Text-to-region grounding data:
○ ○ ○ ○ ○

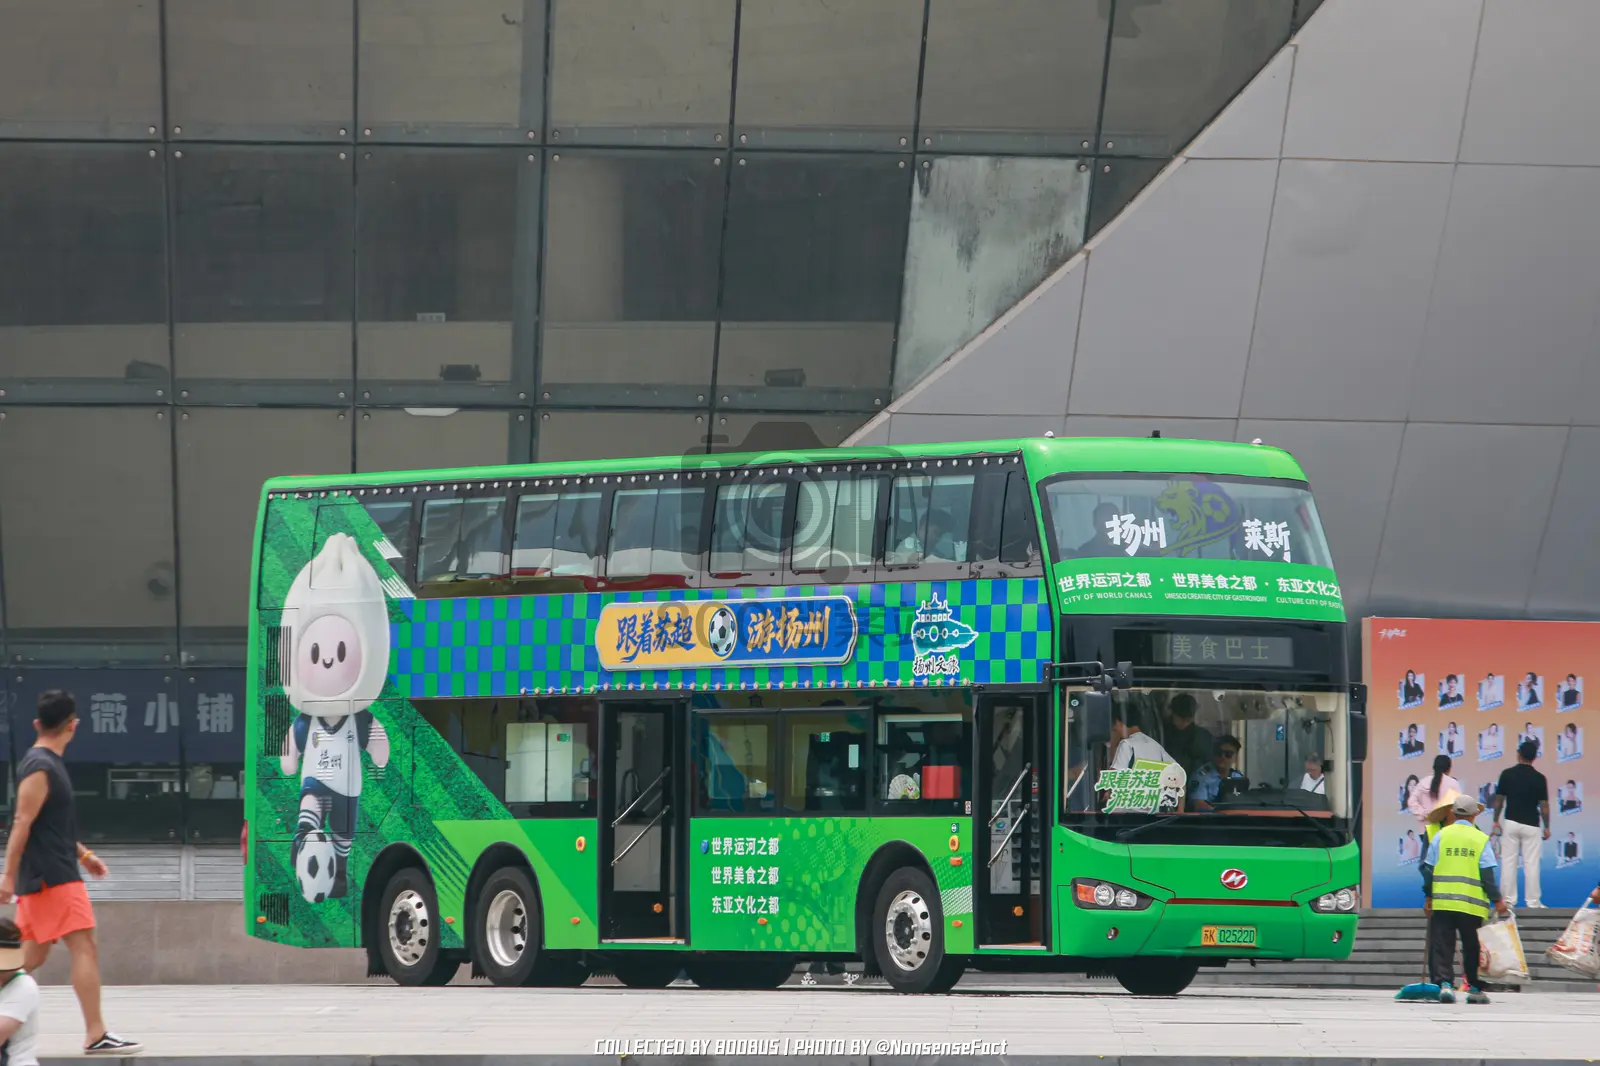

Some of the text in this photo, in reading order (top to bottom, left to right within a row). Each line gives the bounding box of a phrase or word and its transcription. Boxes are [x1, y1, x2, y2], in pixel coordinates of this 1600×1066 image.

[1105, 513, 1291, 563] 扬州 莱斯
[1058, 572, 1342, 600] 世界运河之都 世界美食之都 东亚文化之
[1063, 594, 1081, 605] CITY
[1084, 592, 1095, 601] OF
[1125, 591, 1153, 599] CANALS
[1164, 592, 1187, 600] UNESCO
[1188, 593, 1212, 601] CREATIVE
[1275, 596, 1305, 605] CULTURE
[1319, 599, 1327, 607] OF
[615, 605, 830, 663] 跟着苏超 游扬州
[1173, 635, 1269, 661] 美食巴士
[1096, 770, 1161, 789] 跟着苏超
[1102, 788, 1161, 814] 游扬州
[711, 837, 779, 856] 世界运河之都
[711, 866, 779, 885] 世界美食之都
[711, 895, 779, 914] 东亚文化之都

○ ○ ○ ○ ○

Return an exact transcription of the entries above, excluding each image.

Some of the text in this photo, in reading order (top to bottom, left to right within a row). Each line gives the bounding box of a phrase or word and its transcription. Boxes are [x1, y1, x2, y2], in pixel coordinates of this 1600×1066 image.

[1105, 513, 1291, 563] 扬州 莱斯
[1058, 572, 1342, 600] 世界运河之都 世界美食之都 东亚文化之
[1063, 594, 1081, 605] CITY
[1084, 592, 1095, 601] OF
[1125, 591, 1153, 599] CANALS
[1164, 592, 1187, 600] UNESCO
[1188, 593, 1212, 601] CREATIVE
[1275, 596, 1305, 605] CULTURE
[1319, 599, 1327, 607] OF
[615, 605, 830, 663] 跟着苏超 游扬州
[1173, 635, 1269, 661] 美食巴士
[1096, 770, 1161, 789] 跟着苏超
[1102, 788, 1161, 814] 游扬州
[711, 837, 779, 856] 世界运河之都
[711, 866, 779, 885] 世界美食之都
[711, 895, 779, 914] 东亚文化之都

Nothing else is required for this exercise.